Containers and vehicles can be redesigned to reduce the manual handling risks from kerbside recycling collections, a new report from the government’s Health and Safety Executive (HSE) has suggested.
The document highlighted the importance of vehicles having low load-heights, as well as the need for better handles on both recycling containers and sacks.
Manual handling is related to 35% of the injuries leading to absences from work of more than seven days that are reported to HSE, say the report’s authors Dr Andrew Pinder and Dr Olanrewaju Okunribido. They claim the industry could still do more to reduce the risk of muscular-skeletal injuries.

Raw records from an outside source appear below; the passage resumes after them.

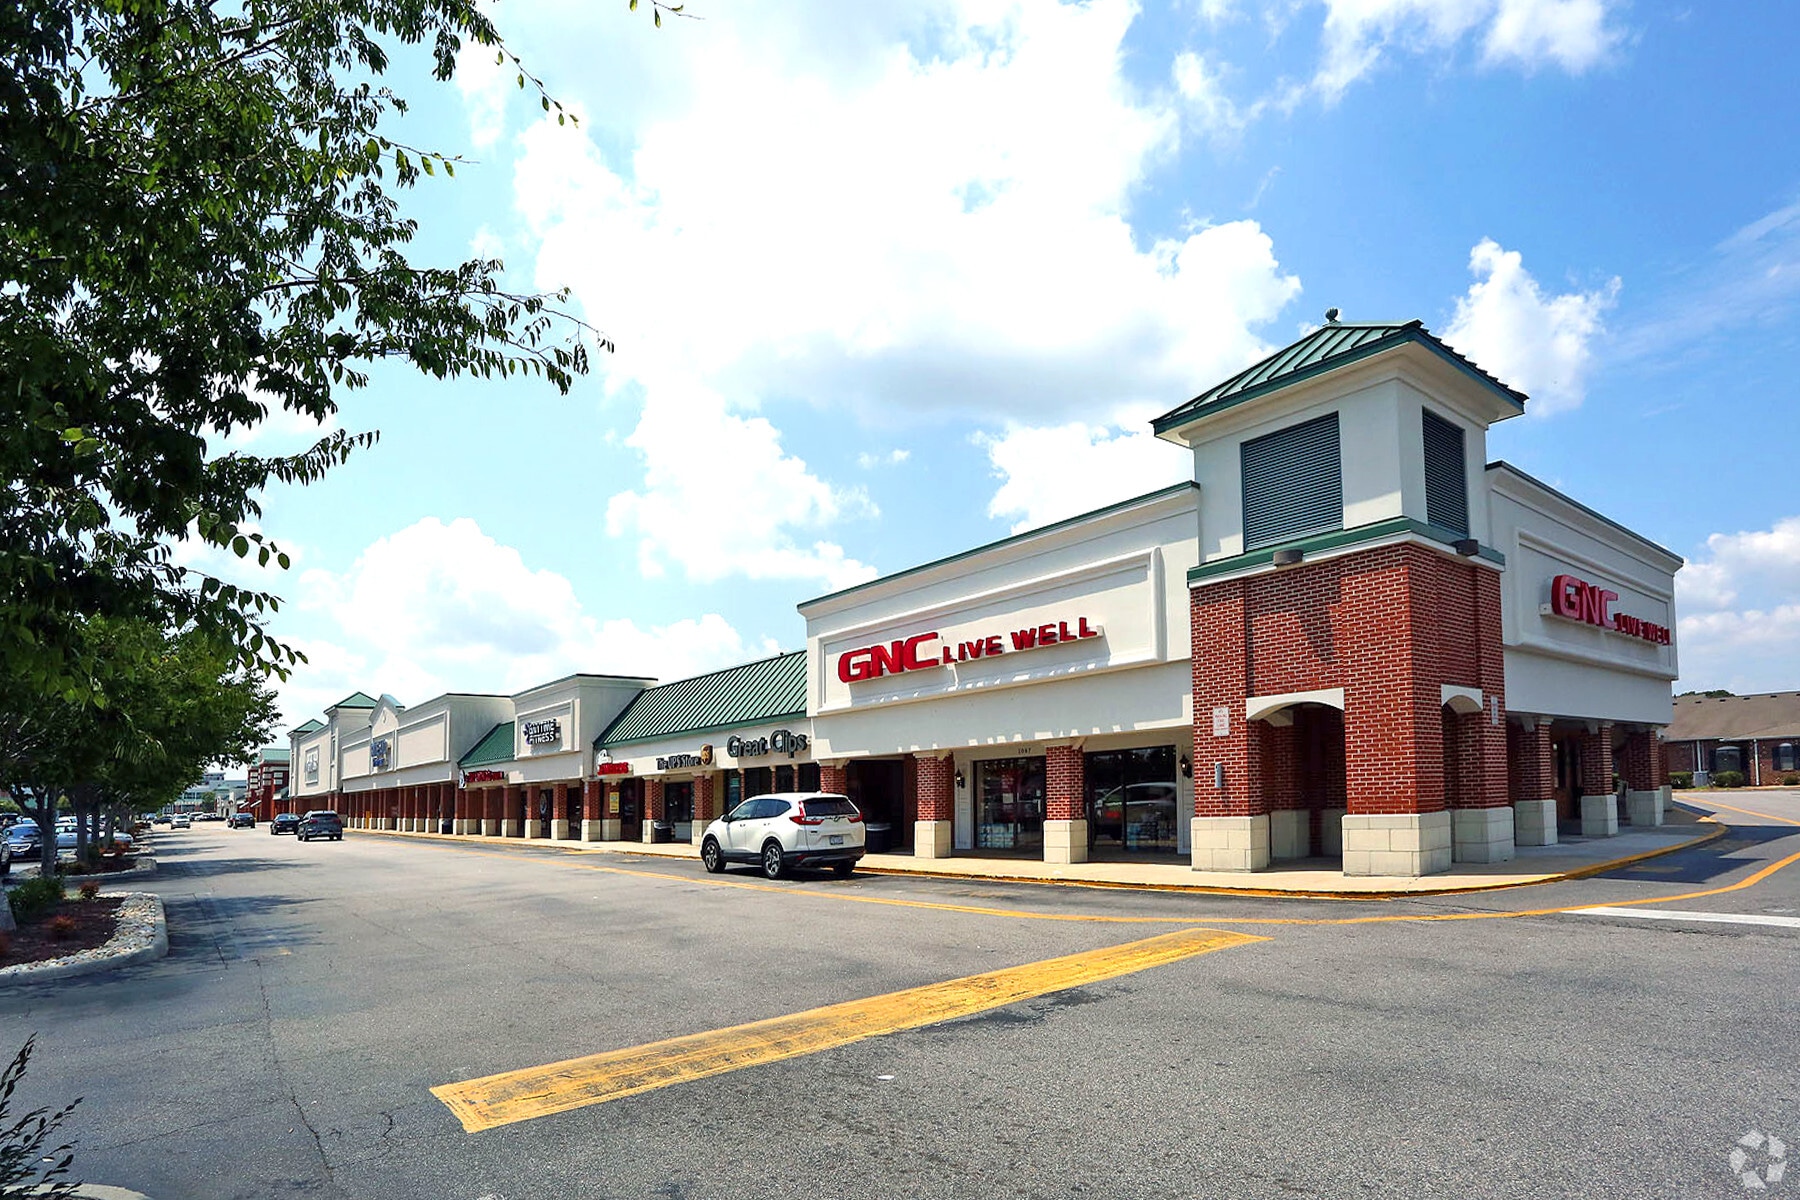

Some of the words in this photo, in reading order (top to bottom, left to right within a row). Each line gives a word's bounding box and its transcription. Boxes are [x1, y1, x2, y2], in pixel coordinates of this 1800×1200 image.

[1551, 574, 1618, 630] GNC
[1614, 612, 1645, 637] LIVE
[838, 631, 941, 683] GNC
[942, 635, 1003, 665] LIVE
[1011, 617, 1099, 651] WELL
[656, 757, 669, 770] The
[669, 755, 681, 769] UPS
[681, 754, 702, 768] Store
[727, 735, 768, 758] Great
[770, 729, 808, 759] Clips

HSE suggested that government targets to reduce landfill could impact manual handling risks for waste collectors.
It said: “Government targets for reducing waste going to landfill have led to an increase in the processing of domestic waste to reclaim recyclable materials.
“Manual sorting tasks can occur at the kerbside during waste collection and, if poorly designed, can introduce manual handling risks.”

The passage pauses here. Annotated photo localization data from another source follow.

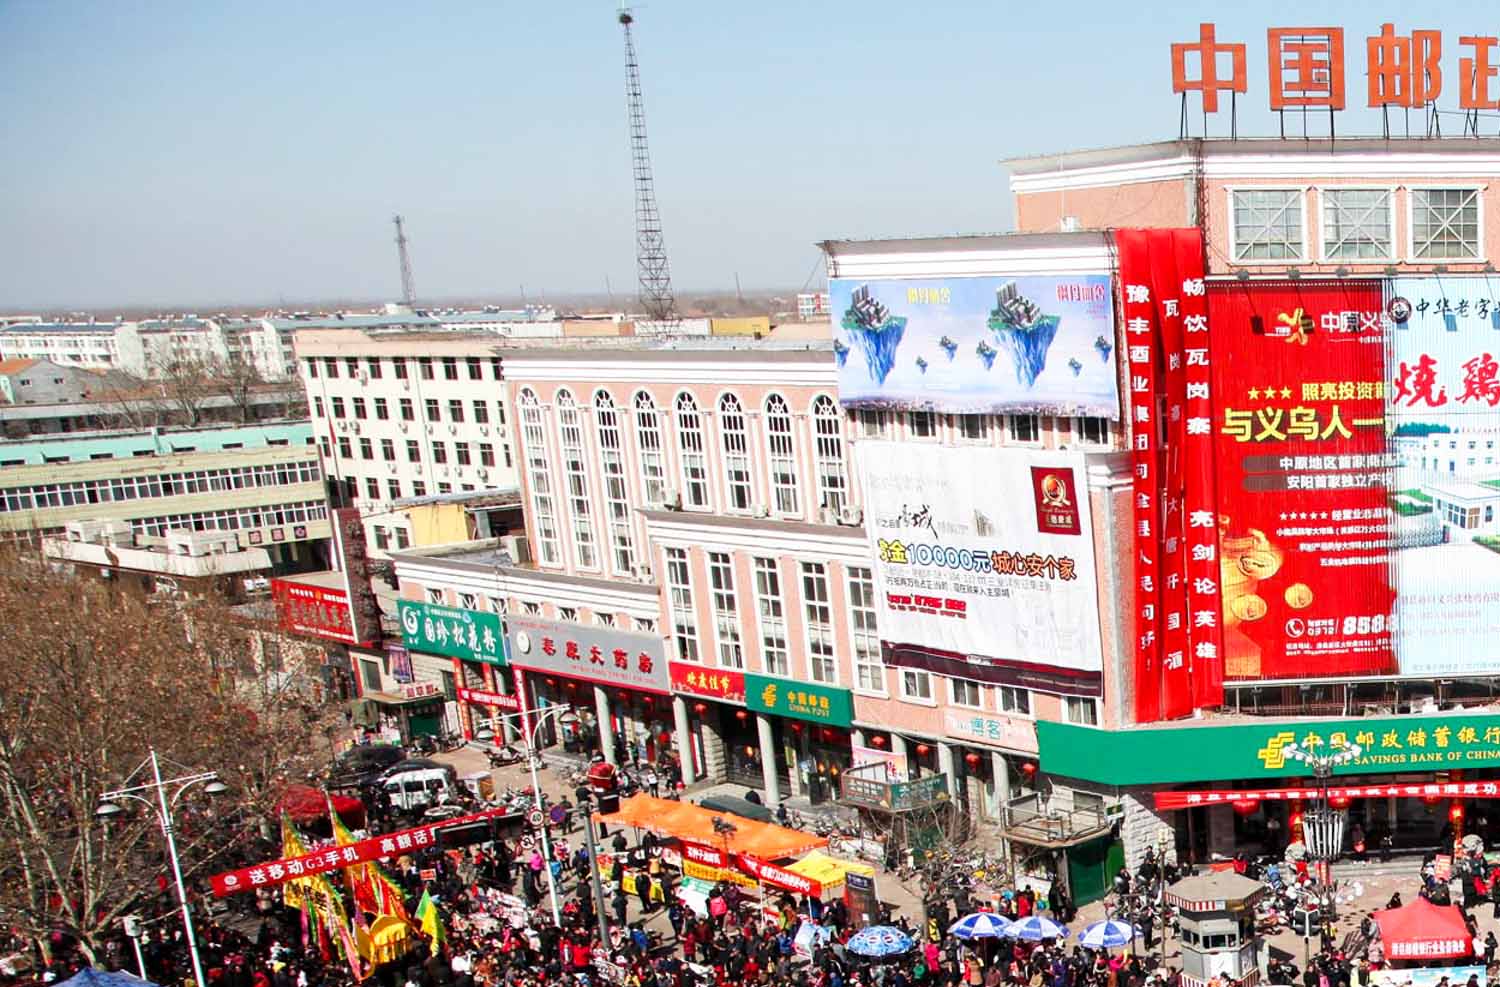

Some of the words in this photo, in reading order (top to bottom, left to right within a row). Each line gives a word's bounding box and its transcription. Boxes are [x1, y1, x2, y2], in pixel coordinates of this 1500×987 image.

[1183, 278, 1211, 435] 畅饮瓦岗寨
[992, 550, 1077, 581] 城心安个家
[1189, 510, 1217, 660] 亮剑论英雄
[1354, 753, 1406, 767] SAVINGS
[1410, 751, 1444, 763] BANK
[1447, 750, 1463, 762] OF
[248, 845, 360, 886] 送移动G3手机

HSE noted that the loading heights of vehicles varied widely – some were at a good level, whilst others were too high.
The report also encourages vehicle manufacturers to develop a system which would allow boxes to be hung from the flaps of vehicle compartments that contain lifting mechanisms, in order to discourage loaders from pressing boxes against the vehicle using their thighs or torsos.
HSE makes clear that the industry is already using smaller containers as an effective way to reduce the weights being handled of heavy materials such as glass.
‘Slave bins’ and stacking boxes were both identified as safer options for waste collection and recorded low MAC (manual handling assessment) scores.
Better handles and grab rings on recycling containers are recommended – on boxes poor grab rings increase the pressure put through the worker’s fingertips and sacks or bags without handles can force the loader to lift the load above head height when putting it into the vehicle, HSE said.
Food caddies are noted by the report as an area that needs improvement also. It is suggested that they could be incorporated into a trolley to remove the need to carry them and that the handles could be redesigned to improve grip and encourage the use of both hands.
The HSE also advises that there should be specific references within tenders to the need to reduce health and safety risks, particularly from manual handling. It also recommends that employees’ psychological responses to their work are considered, from the performance of individual tasks to the broader culture of the workplace.
Though encouraging the waste industry to make changes to kerbside recycling processes, HSE acknowledged that there would be challenges.
A statement said: “Unsurprisingly, the lowest risk tasks identified by the research involved low loading heights and wheeled containers but this does not mean that HSE are proposing a ‘one type fits all’ approach to collection and recognises the need for a holistically designed waste collection system, taking into account the environment, locality and other risks.”
The rate of worker injuries reported to HSE in the waste and recycling sector is significantly higher than that across other industries.
As well as assessing previous reports on kerbside recycling and manual handling, staff from the HSE’s science division observed a range of kerbside collection systems, including source separation by residents, sorting at the kerbside by collection teams and the collection of co-mingled materials for sorting at an MRF.